→ BRIEF
Repeat the records exactly, minus the pictures.

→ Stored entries

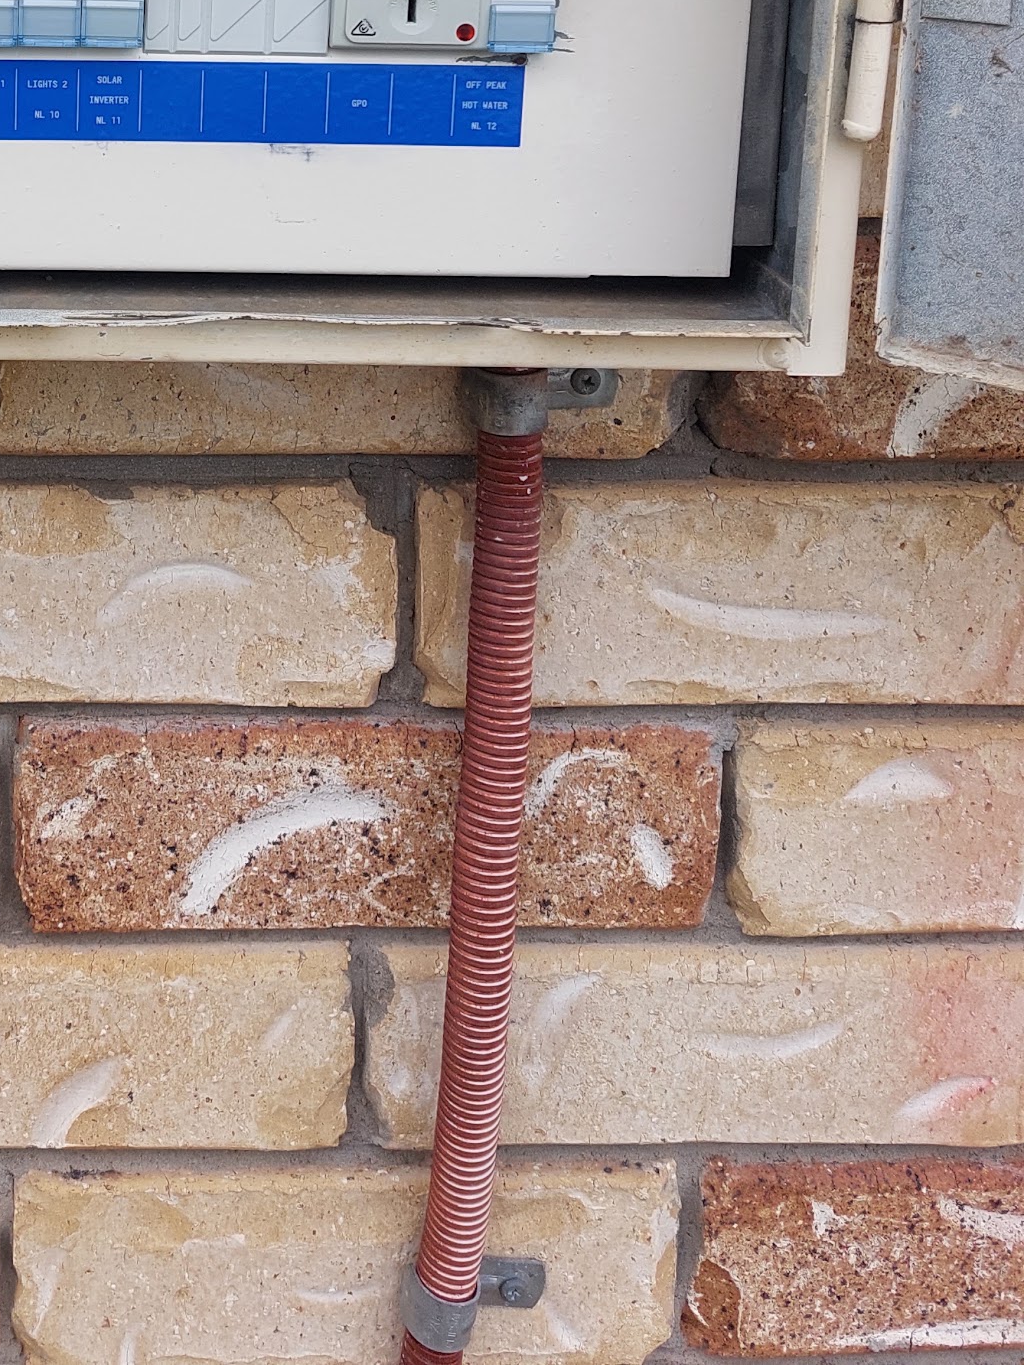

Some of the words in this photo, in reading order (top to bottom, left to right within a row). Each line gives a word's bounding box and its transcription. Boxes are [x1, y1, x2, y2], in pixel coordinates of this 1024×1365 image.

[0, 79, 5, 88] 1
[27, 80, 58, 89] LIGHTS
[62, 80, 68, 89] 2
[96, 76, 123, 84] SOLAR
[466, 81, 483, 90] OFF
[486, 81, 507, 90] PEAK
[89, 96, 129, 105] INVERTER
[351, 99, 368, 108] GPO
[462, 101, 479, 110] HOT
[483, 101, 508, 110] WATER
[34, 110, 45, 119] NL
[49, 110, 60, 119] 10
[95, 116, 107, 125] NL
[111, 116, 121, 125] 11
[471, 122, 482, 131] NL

→ EXERCISE OUTPUT
Some of the words in this photo, in reading order (top to bottom, left to right within a row). Each line gives a word's bounding box and its transcription. Boxes are [x1, y1, x2, y2], in pixel coordinates of this 1024×1365 image.

[0, 79, 5, 88] 1
[27, 80, 58, 89] LIGHTS
[62, 80, 68, 89] 2
[96, 76, 123, 84] SOLAR
[466, 81, 483, 90] OFF
[486, 81, 507, 90] PEAK
[89, 96, 129, 105] INVERTER
[351, 99, 368, 108] GPO
[462, 101, 479, 110] HOT
[483, 101, 508, 110] WATER
[34, 110, 45, 119] NL
[49, 110, 60, 119] 10
[95, 116, 107, 125] NL
[111, 116, 121, 125] 11
[471, 122, 482, 131] NL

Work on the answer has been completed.